■ **Problem**:
Your task is to print all of the data below exactly, with no pictures included.

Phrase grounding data
........
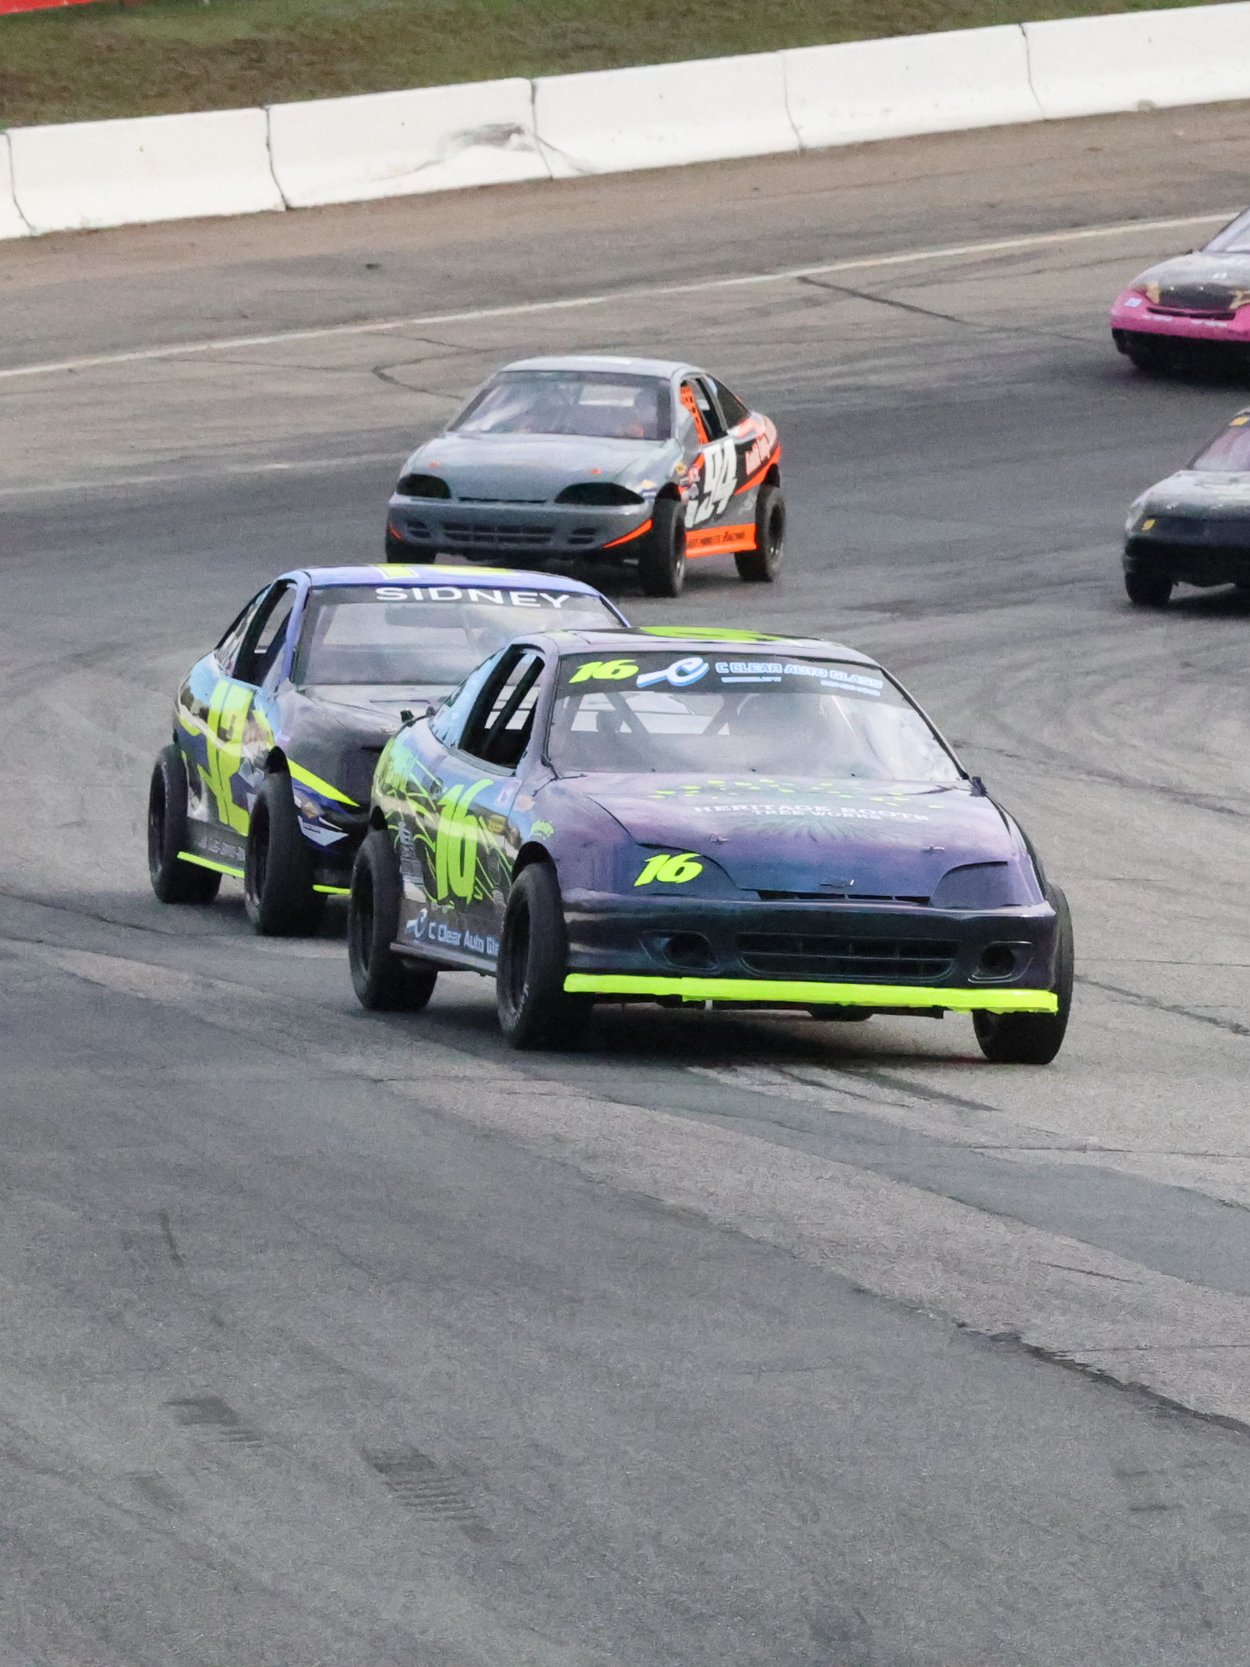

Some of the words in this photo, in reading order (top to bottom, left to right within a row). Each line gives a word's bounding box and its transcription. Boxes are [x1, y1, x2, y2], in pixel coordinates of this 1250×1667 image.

[376, 587, 569, 609] SIDNEY
[569, 659, 640, 683] 16
[731, 662, 783, 675] CLEAR
[784, 664, 828, 678] AUTO
[829, 670, 884, 689] GLASS
[694, 804, 832, 813] HERITAGE
[435, 779, 494, 905] 16
[634, 853, 704, 886] 16
[464, 930, 485, 953] Auto
........
■ **Exercise answer**:
Some of the words in this photo, in reading order (top to bottom, left to right within a row). Each line gives a word's bounding box and its transcription. Boxes are [x1, y1, x2, y2], in pixel coordinates of this 1250×1667 image.

[376, 587, 569, 609] SIDNEY
[569, 659, 640, 683] 16
[731, 662, 783, 675] CLEAR
[784, 664, 828, 678] AUTO
[829, 670, 884, 689] GLASS
[694, 804, 832, 813] HERITAGE
[435, 779, 494, 905] 16
[634, 853, 704, 886] 16
[464, 930, 485, 953] Auto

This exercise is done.